Lets start with the customer. Mr. Customer calls in with Windows Server Updates failing. So I know that he had manually updated the server, so the updates done were not from Windows Updates. This is a case where Microsoft Updates never worked. This is a famed situation where you can claim that the customer is not supported if the feature never worked.
I don’t believe in no win scenarios, so I dive In. I hit the basic windows update items. I am going to try to bulletize these so you have some troubleshooting steps in a normal situation:
- 1. Go to the Windows Update log. Mine was in the windows folder. Other places exist
- 2. Look for any error or use the link above to find any errors.
- 3. How to resolve Update issues article from TechNet
- 4. Check to make sure there is not WSUS server locally.
- Even if there is not, check the registry to make sure WSUS IP and port is not listed.
- Check group Policy for WSUS and or issue the Detect now command switch with Wuauclt. See Link
Now is the time to let you in on the fact that two errors have been in the back of my mind in the Windows Update.log They are:
- Windows OOBE is still in progress.
- Failed to get network cost from NLM
So somewhere in the middle of the bullets above, I did think of taking the server out of the OOBE mode. There was no setup going on and it seemed the right thing to do. Surprisingly, after I set the registry key and rebooted, I found the error persisted.
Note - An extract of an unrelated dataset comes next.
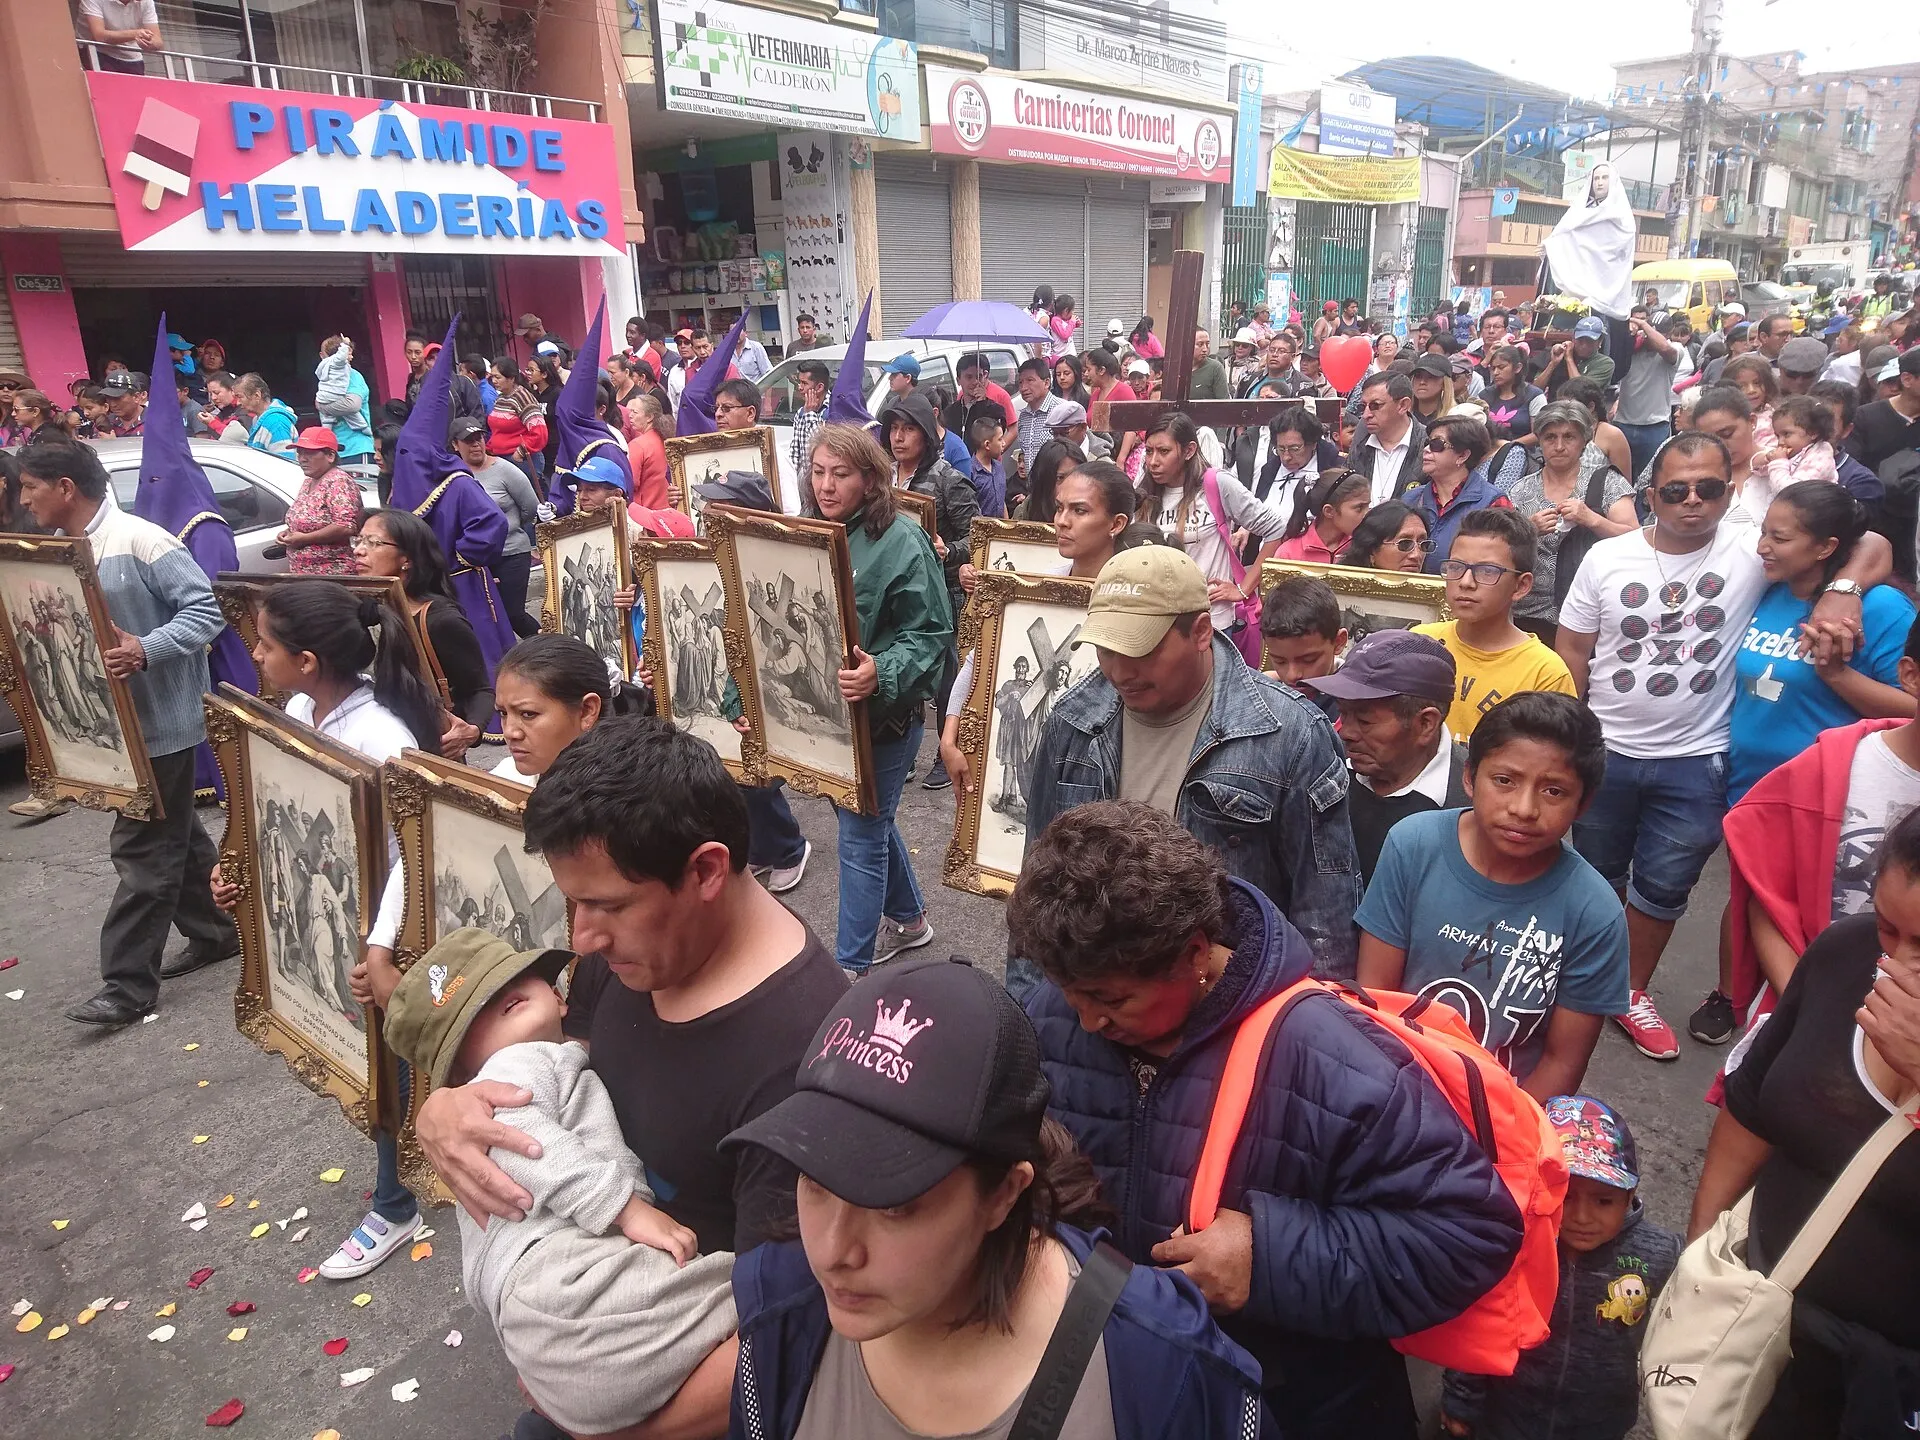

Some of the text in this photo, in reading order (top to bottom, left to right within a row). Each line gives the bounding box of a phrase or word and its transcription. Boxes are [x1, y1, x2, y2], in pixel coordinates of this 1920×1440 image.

So in the end, I really did find this solution on a Microsoft blog. Why am I reposting this story? Because you have to know what Audit Mode is, to find the article! The solutions are posed under audit mode. My article is on the internet as a Updates failed article. I just hope it finds its way into the hand of someone who fell into audit mode, without realizing it.
So I have to be honest and tell you the customer would not let me apply the solution. he decided to reinstall!!! That’s why its even more important to make sure the solution for this gets out.
From the MS Blog:
- 1. log in as administrator
- 2. turn UAC off
- 3. make sure the user you plan on logging in has administrative rights
- 4. reboot and login as that user
- 5. System should have a dialog box for OOBE/reboot and Audit/reboot, choose OOBE, system will restart
- 6. Audit mode will be off and will ask for language selection etc.
So now realize, you may need to create the new Administrator user name, so please be aware of that.
In closing, Please be aware of the two telltale signs of audit mode:
- If you get a message that says OOBE\boot and Audit\Boot, pick OOBE every time!
- If Windows Update will not work, look in the windows Update log, to see if you have the OOBE issue. It will not show up anywhere else!
I hope this has been helpful and educational!